Task to complete.
Images stay out. Everything else in the records is repeated exactly.

Material for the task.
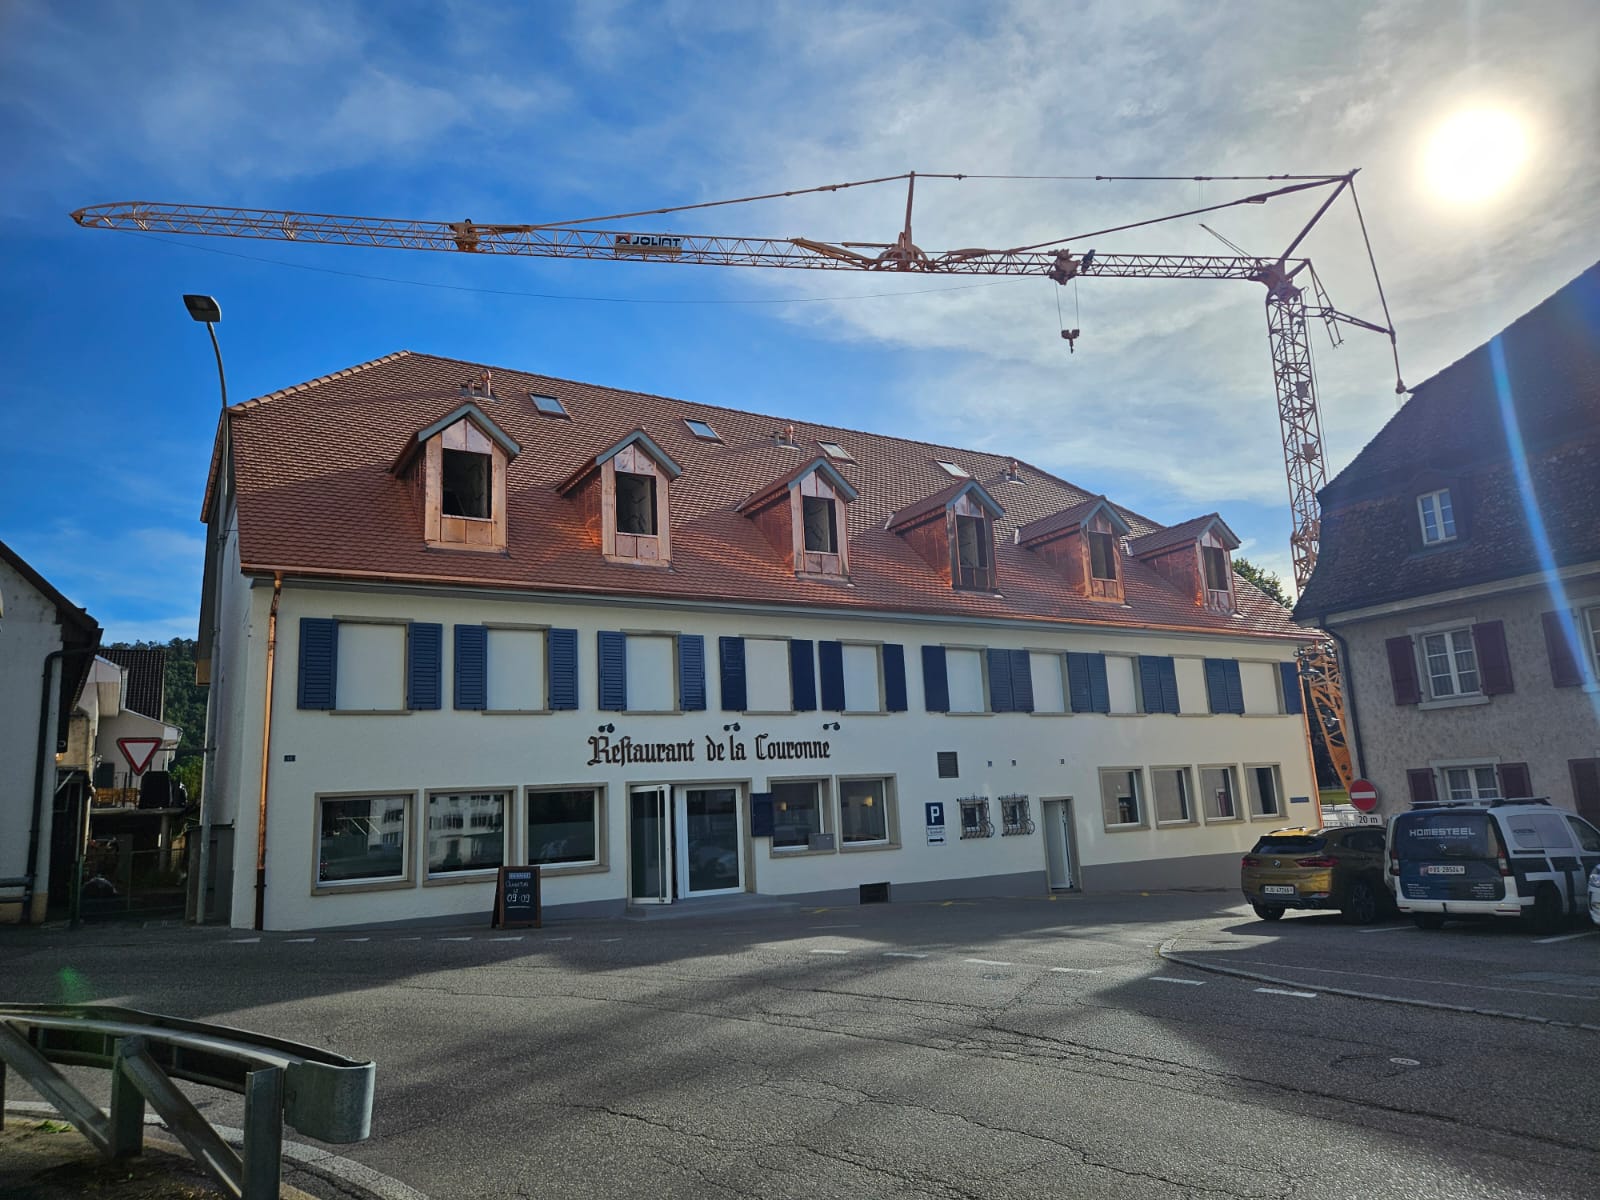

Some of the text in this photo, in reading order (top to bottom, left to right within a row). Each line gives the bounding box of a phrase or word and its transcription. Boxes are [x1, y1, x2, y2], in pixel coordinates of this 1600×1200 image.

[587, 733, 831, 767] Restaurant de la Couronne
[930, 805, 940, 824] P
[1358, 815, 1368, 824] 20
[1409, 827, 1475, 837] HOMESTEEL

Exercise response.
Some of the text in this photo, in reading order (top to bottom, left to right within a row). Each line gives the bounding box of a phrase or word and its transcription. Boxes are [x1, y1, x2, y2], in pixel coordinates of this 1600×1200 image.

[587, 733, 831, 767] Restaurant de la Couronne
[930, 805, 940, 824] P
[1358, 815, 1368, 824] 20
[1409, 827, 1475, 837] HOMESTEEL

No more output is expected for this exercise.